The final installation in “Counterpoint” takes place in the arts center’s theater, and it combines Mr. Marino’s love for art with his passion for classical music. The room is designed to re-create an opera that Mr. Marino and his wife, costume designer Jane Trapnell, produced in celebration of their 30th wedding anniversary in 2013.
Francesco Clemente’s 2013 watercolor, “Elysian Fields Leaves,” has been affixed to a hot pink backdrop and will hang across the stage. The work is one of the original sets used in the opera, Christoph-Willibald Gluck’s “Orfeo ed Euridice,” which was performed in the music room of the couple’s New York City home.
“We will have the video running, and you’ll hear the Gluck opera,” Mr. Marino explained.
While “Counterpoint” is certainly an exhibition packed with work by serious contemporary artists, in the end, Mr. Marino says, it’s meant to appeal to audiences of all ages.
“Part of my thing is I want kids to enjoy art. Some of it is so cerebral and out there, it’s difficult to relate to,” he said. “I hope this show is also people-friendly … It’s meant to be fun.”
“Counterpoint: Selections from The Peter Marino Collection” will be on view from July 28 through September 23 at the Southampton Arts Center, 25 Jobs Lane, Southampton Village. The show is significant, not only in that it represents Mr. Marino’s lifelong commitment to art across disciplines, but it also marks his first cultural contribution to the Town of Southampton.
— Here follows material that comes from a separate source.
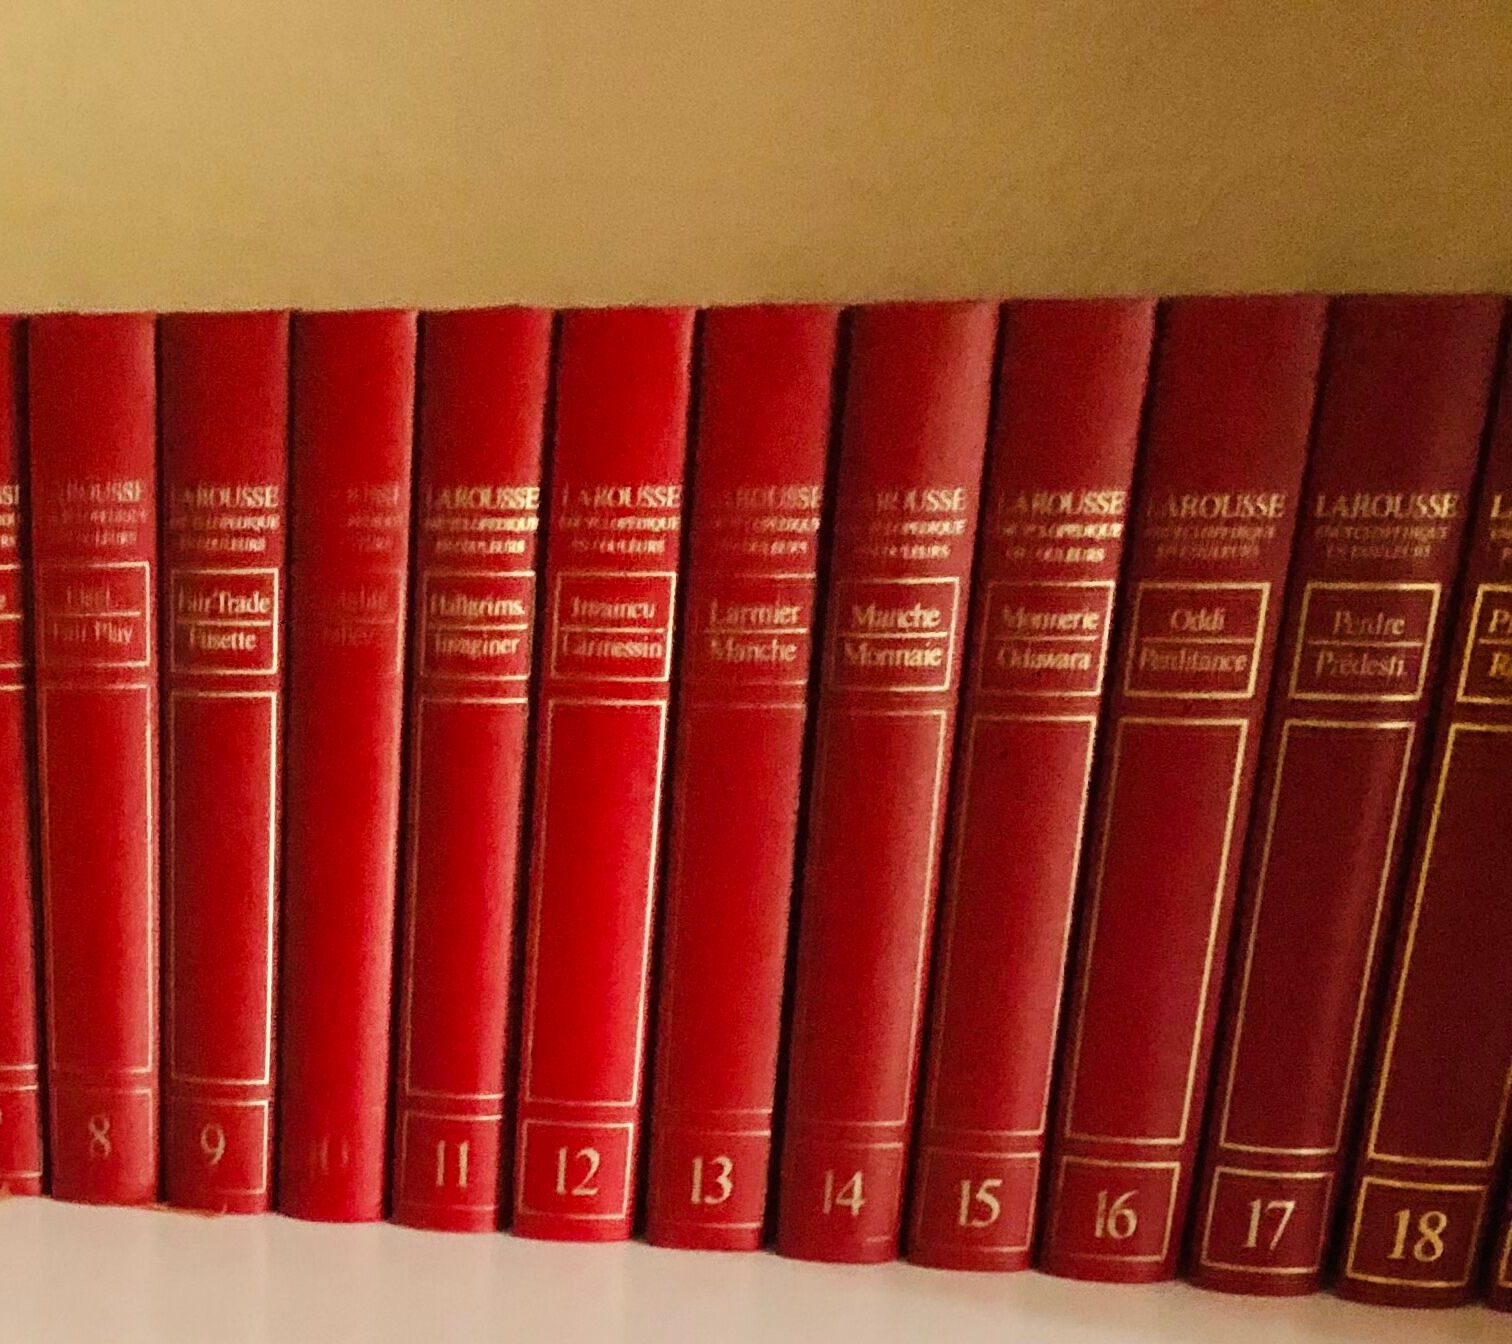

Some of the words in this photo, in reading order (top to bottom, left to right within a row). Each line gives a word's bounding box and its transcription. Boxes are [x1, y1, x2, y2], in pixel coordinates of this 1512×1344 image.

“These works are one of the largest assemblages of world-class contemporary art displayed publicly on the East End,” said Tom Dunn, the executive director of Southampton Arts Center, in a recent statement. “We couldn’t be more excited for the show or more grateful to Peter Marino for sharing these remarkable works with us.”
A free public reception will take place on Friday, July 27, from 5 to 8 p.m. Peter Marino will attend the reception to open the exhibition and make an announcement concerning the cultural heritage of the Village of Southampton.